More symptomatic.The most typical symptoms are respiratory, like dry coughs, sore throat, and fever. Leis says other symptoms like diarrhea are quite uncommon. “What’s challenging is those symptoms may be absent and will develop after a few days,” he says. “People can have really mild symptoms and then progress to the more classic respiratory symptoms.”

Localized infection without pneumonia. The next subset of patients have all of the above symptoms including localized infection to the upper respiratory tract without any pneumonia. This was the case with the second patient who was confirmed at Sunnybrook this week.

Infection with pneumonia. There are patients who develop a lower respiratory tract infection — i.e., pneumonia — but symptoms are still clearly very mild. Even though chest X-rays look significantly abnormal, they don’t feel shortness of breath, don’t require supplemental oxygen or any real any intervention. Leis says the first patient in Canada was the “perfect example” of this type of patient. “Although he was already on the spectrum of more severe disease, in the end, he did well for himself and the self-limited pneumonia got better on its own without requiring much medical intervention,” he says.

Most severe. These are patients who have pneumonia and develop shortness of breath, respiratory failure, and acute respiratory distress syndrome (ARDS). Patients are unable to breathe because there is inflammation and fluid filling up the air sacs in their lungs. The fluid and inflammation is caused by lymphocytes (the main immune cell against viruses) mobilizing into the lower part of the lung as a “very exuberant immune response to the virus.” Once ARDS develops, the mortality rate goes up significantly and the need for critical care and life support is increased.

Even with life support, there is a subset of people on a ventilator who will continue to fail and die of their illness,” says Leis. “Inflammation of the lungs can start to spread and affect other vital organs, like the kidney and liver. There are cases in literature of multi-organ failure.

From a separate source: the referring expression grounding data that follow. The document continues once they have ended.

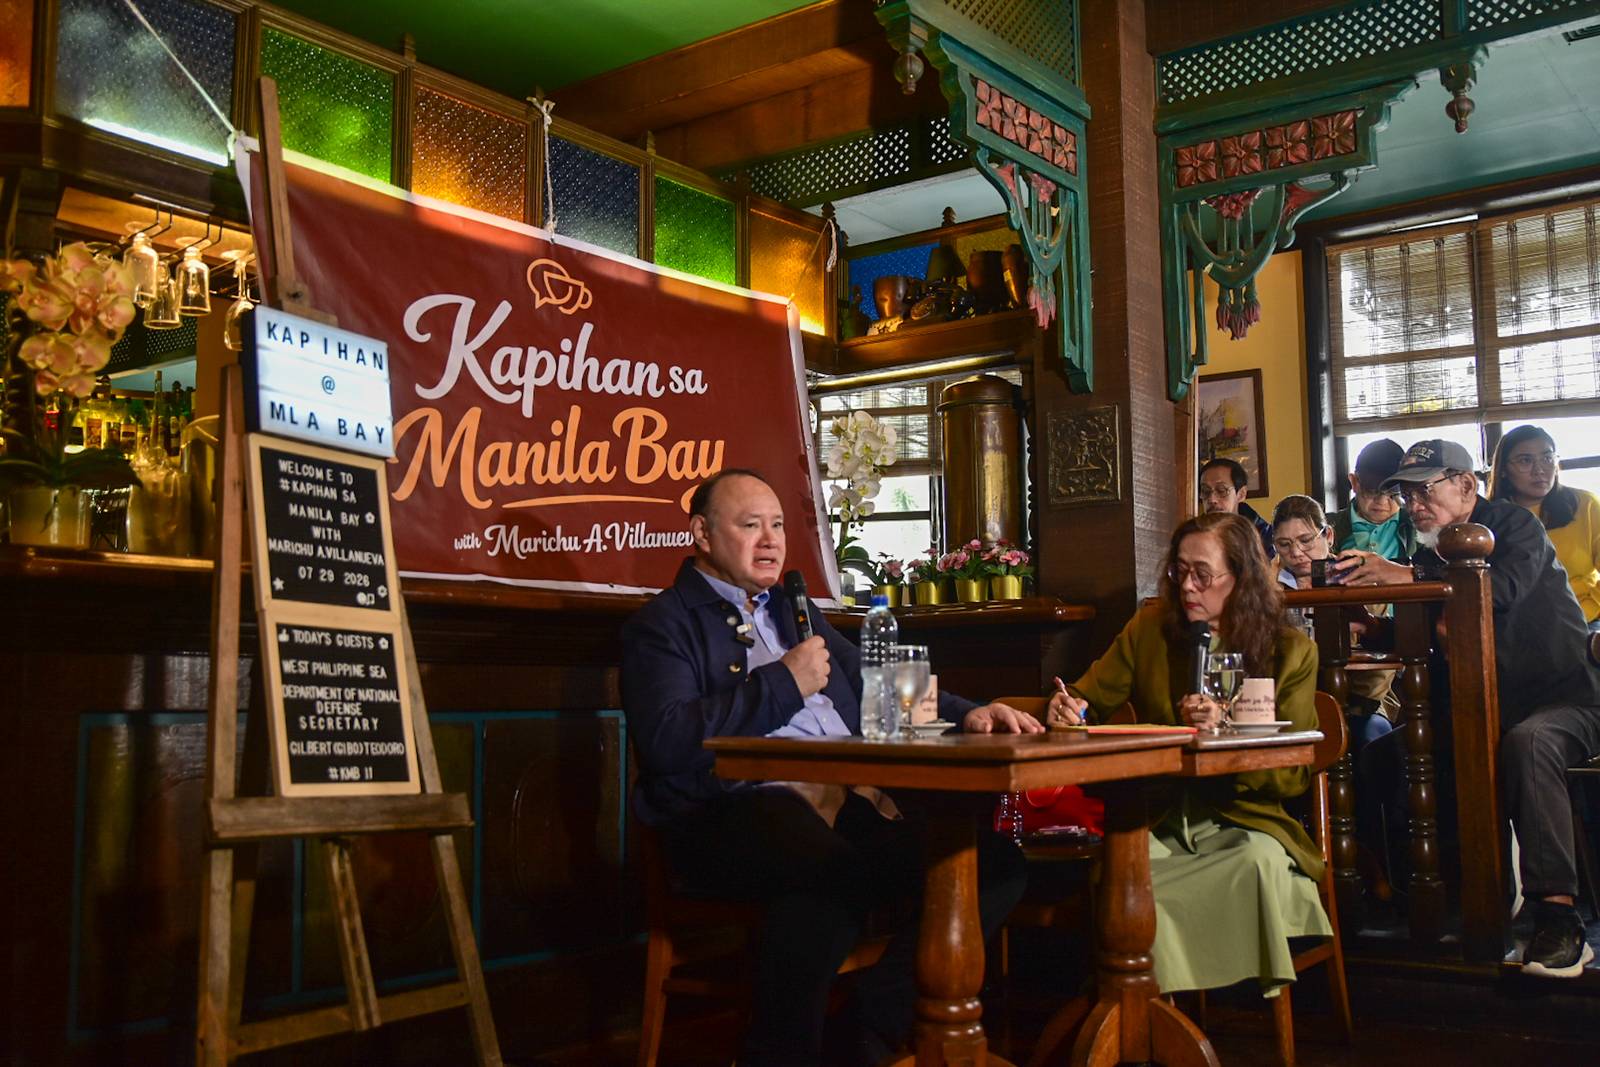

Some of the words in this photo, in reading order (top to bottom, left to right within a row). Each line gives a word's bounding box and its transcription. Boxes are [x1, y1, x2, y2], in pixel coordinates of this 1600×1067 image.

[266, 321, 384, 370] KAPIHAN
[403, 294, 665, 418] Kapihan
[669, 366, 708, 395] sa
[321, 375, 336, 395] @
[270, 400, 320, 431] MLA
[337, 418, 385, 444] BAY
[389, 405, 617, 510] Manila
[278, 459, 334, 481] WELCOME
[340, 471, 354, 485] TO
[279, 478, 338, 500] #KAPIHAN
[342, 490, 357, 503] SA
[289, 503, 333, 523] MANILA
[340, 511, 360, 526] BAY
[312, 525, 342, 542] WITH
[453, 532, 482, 550] with
[484, 524, 581, 559] Marichu
[583, 521, 694, 553] A.Villanuev
[268, 538, 314, 558] MARICHU
[298, 566, 313, 579] 07
[336, 634, 375, 649] GUESTS
[282, 659, 310, 674] WEST
[312, 662, 366, 678] PHILIPPINE
[369, 665, 388, 679] SEA
[282, 684, 342, 700] DEPARTMENT
[344, 687, 357, 701] OF
[358, 689, 401, 703] NATIONAL
[316, 701, 363, 716] DEFENSE
[299, 715, 380, 731] SECRETARY

At that point, the mortality rate is extremely high.”

Early literature, including two studies from China that have done autopsy investigations on patients have suggested Covid-19 may have the same pathophysiology as SARS, where lymphocytes were also present on the lower lung on the autopsy of patients.

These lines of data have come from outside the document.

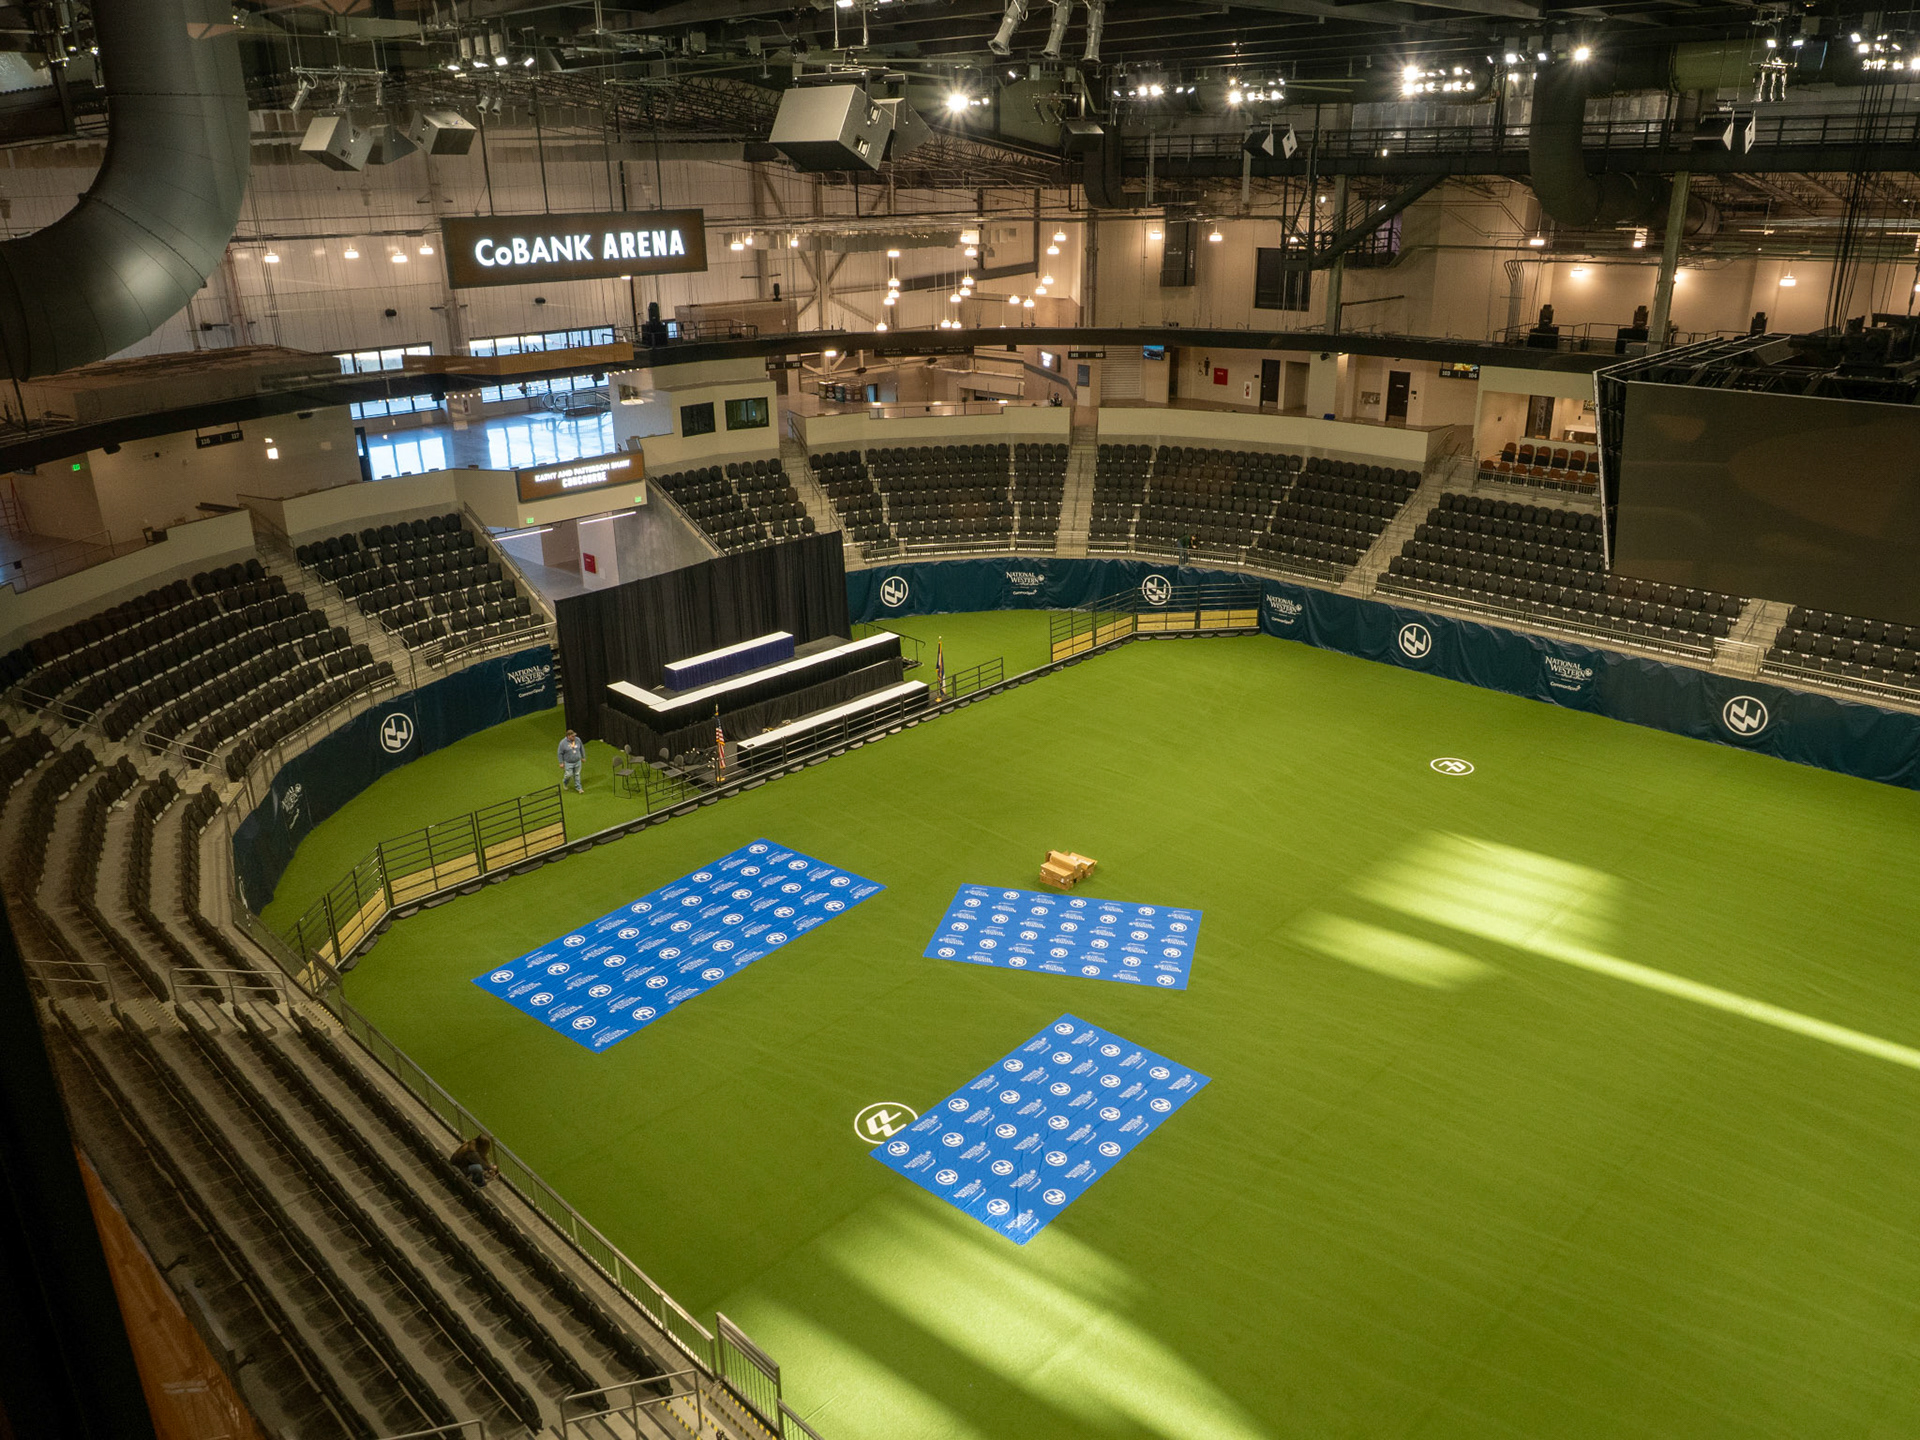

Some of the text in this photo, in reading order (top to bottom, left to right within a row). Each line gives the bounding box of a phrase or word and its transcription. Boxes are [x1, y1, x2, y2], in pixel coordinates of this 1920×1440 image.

[474, 229, 685, 267] CoBANK ARENA
[557, 468, 574, 479] AND
[562, 471, 607, 488] CONCOURSE
[1545, 655, 1582, 670] NATIONAL
[507, 665, 541, 680] NATIONAL
[513, 671, 545, 684] WESTERN
[1550, 664, 1585, 678] WESTERN

However, the mortality rate of Covid-19 is around 2%, whereas the overall fatality rate of SARS was around 10%. In comparison, MERS had a fatality rate of around 34% and Ebola, an estimated 50%.

Some of the predictors for a worse outcome include older age, chronic health conditions or co-morbidities, like cardiovascular disease and abnormal chest X-ray radiology images. “As seen in our first case, we learned that not everyone progresses,” says Leis.

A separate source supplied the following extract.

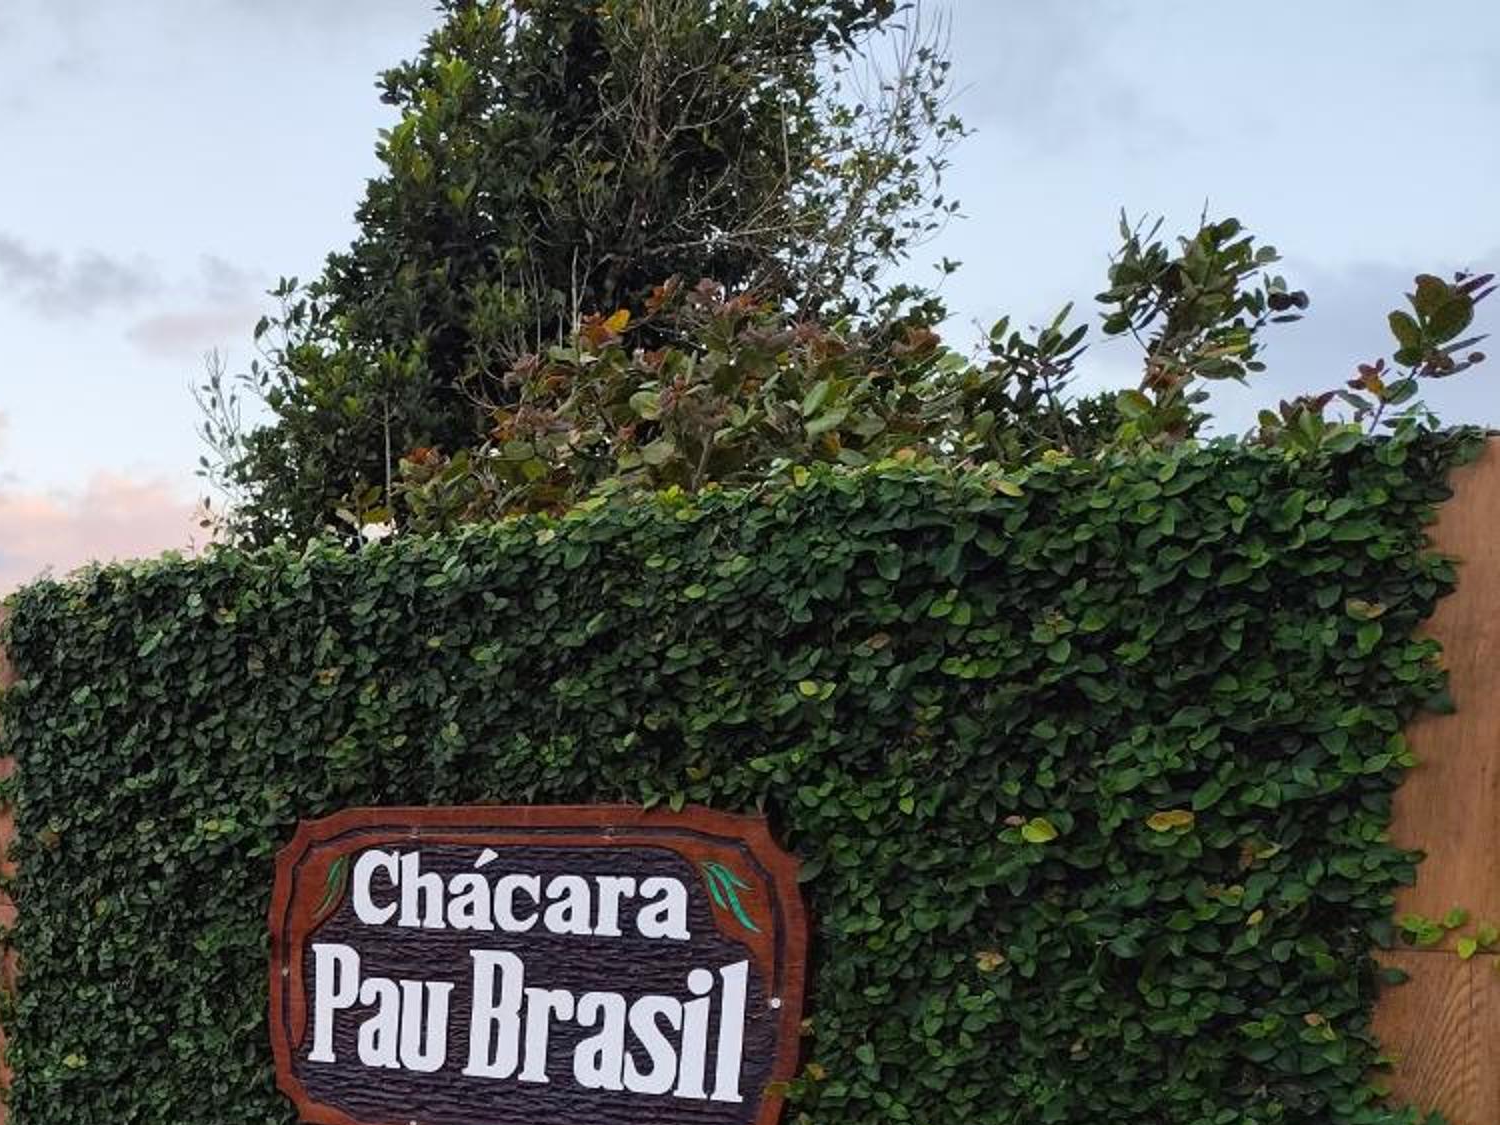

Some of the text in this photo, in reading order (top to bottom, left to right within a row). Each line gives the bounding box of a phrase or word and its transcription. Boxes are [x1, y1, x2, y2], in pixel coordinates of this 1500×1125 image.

[352, 848, 691, 941] Chácara
[307, 943, 749, 1103] Pau Brasil

What to do if you have symptoms

Those two cases were on the less-severe end of the spectrum and have improved on their own. Patients who are not progressing to worse outcomes are best managed with home isolation to minimize exposure and better utilize healthcare resources. Instead of entering a hospital where it’s crowded with teams of people, home isolation only requires one healthcare worker checking up on the patient.

Predictors for a worse outcome include older age, chronic health conditions or co-morbidities, like cardiovascular disease and abnormal chest X-ray radiology images

While most people believe that hospitals are the best place to get tested, but this is not the case. Leis reminds people to think of public health as a resource to help determine what your next steps should be if you think you may have the virus as opposed to adding to the patient burden in hospitals. For example,  If you are in Toronto, Leis recommends calling Public Health Ontario’s hotline (416-338-7600) to review symptoms by phone and receive instructions on how to self-isolate.

“We’re seeing a lot of people coming to hospitals who otherwise would not have gone to the hospital for such minor symptoms,” he says. “For public health reasons and for resource reasons, we need to change that model. It’s important that people understand public health is an excellent resource. We can do testing at home so people don’t need to come to the emergency department. This is important as the number of cases increases where we want to make sure we keep people at home who don’t need to be in the hospital.”